Sentiment d’impuissance : éprouvé sur le plan individuel et collectif

Le sentiment d’impuissance n’est pas seulement un sentiment éprouvé sur le plan individuel, il peut tout à fait se propager à un collectif, ce qui le rend d’autant plus nocif et destructeur. Il se nourrit de la désillusion progressive, des problèmes restés sans réponses, d’un manque d’appui, d’écoute, mais aussi d’un mépris parfois, voire souvent, institutionnalisé. 

Cette forme de mépris est issue d’un état d’esprit qui s’affiche surtout dans les hautes sphères décisionnelles, entretenu par le prestige d’un titre ou d’un pouvoir, malheureusement. Ce choix qui, même issu d’une forme d’inconscience et d’irresponsabilité reste un choix, fractionne les classes de salariés entre méritants et petites mains, entre ceux qui se soumettent et ceux qui veulent mieux-faire ; entre ceux qui n’osent plus dire ce qui ne va pas et ceux qui partent ou quittent sans rien dire.

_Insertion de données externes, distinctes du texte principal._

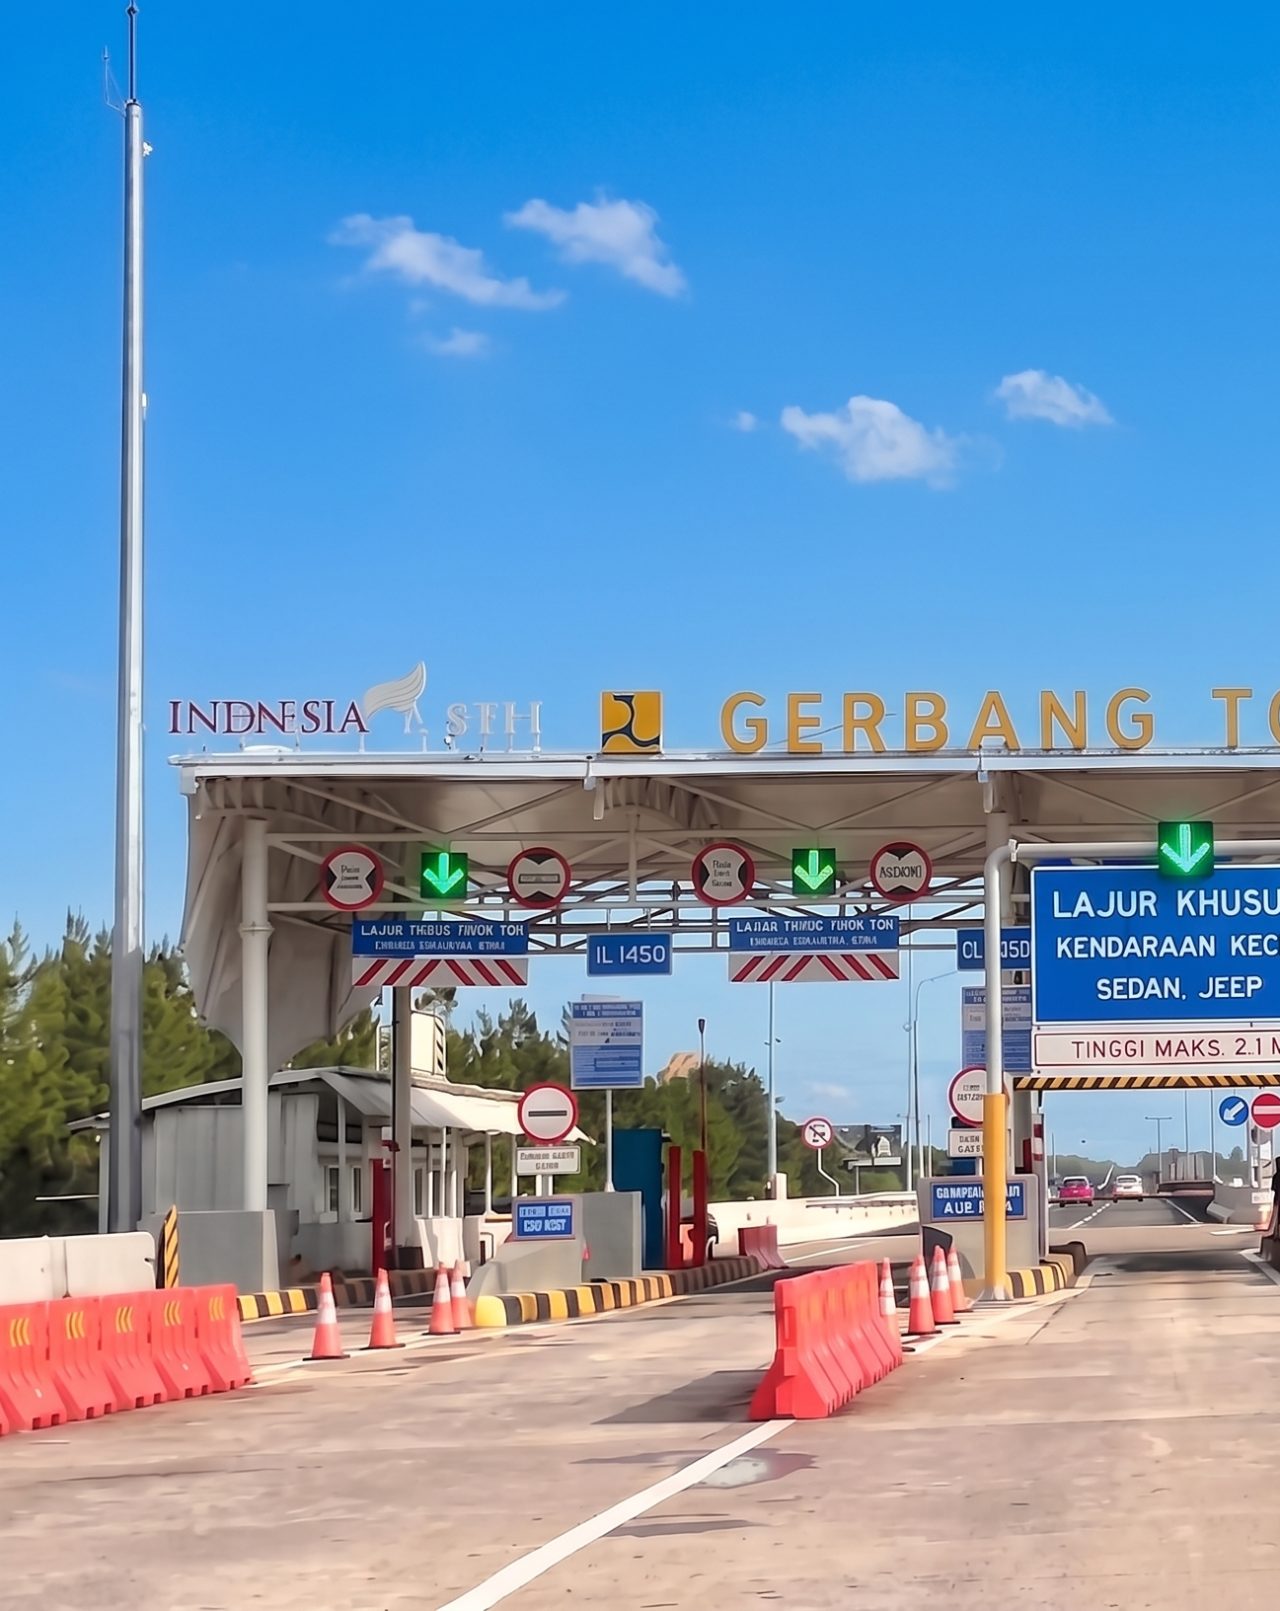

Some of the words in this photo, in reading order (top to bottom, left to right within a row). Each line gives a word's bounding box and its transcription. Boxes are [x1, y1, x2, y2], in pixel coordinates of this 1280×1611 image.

Si les responsabilités de ces classes de dirigeants sont incontestablement importantes, elles ne devraient jamais l’être au point d’oublier qu’une organisation respire et vit par sa base. Ce sont ces mêmes dirigeants qui éprouvent un malaise à donner une place à ceux désireux, par leurs idées, de participer au mieux-faire, ou qui souhaitent par leur sens de l’initiative résoudre des problèmes récurrents ou qui voudraient, au moins autant qu’eux, la réussite de l’organisation et son rayonnement. Et, chacun observe les erreurs décisionnelles qui se répètent, les projets administratifs annoncés en grande pompe remplis de promesses répétées, rééditées en boucle qui s’alignent l’une après l’autre devant ces oreilles et ces yeux déjà si fatigués.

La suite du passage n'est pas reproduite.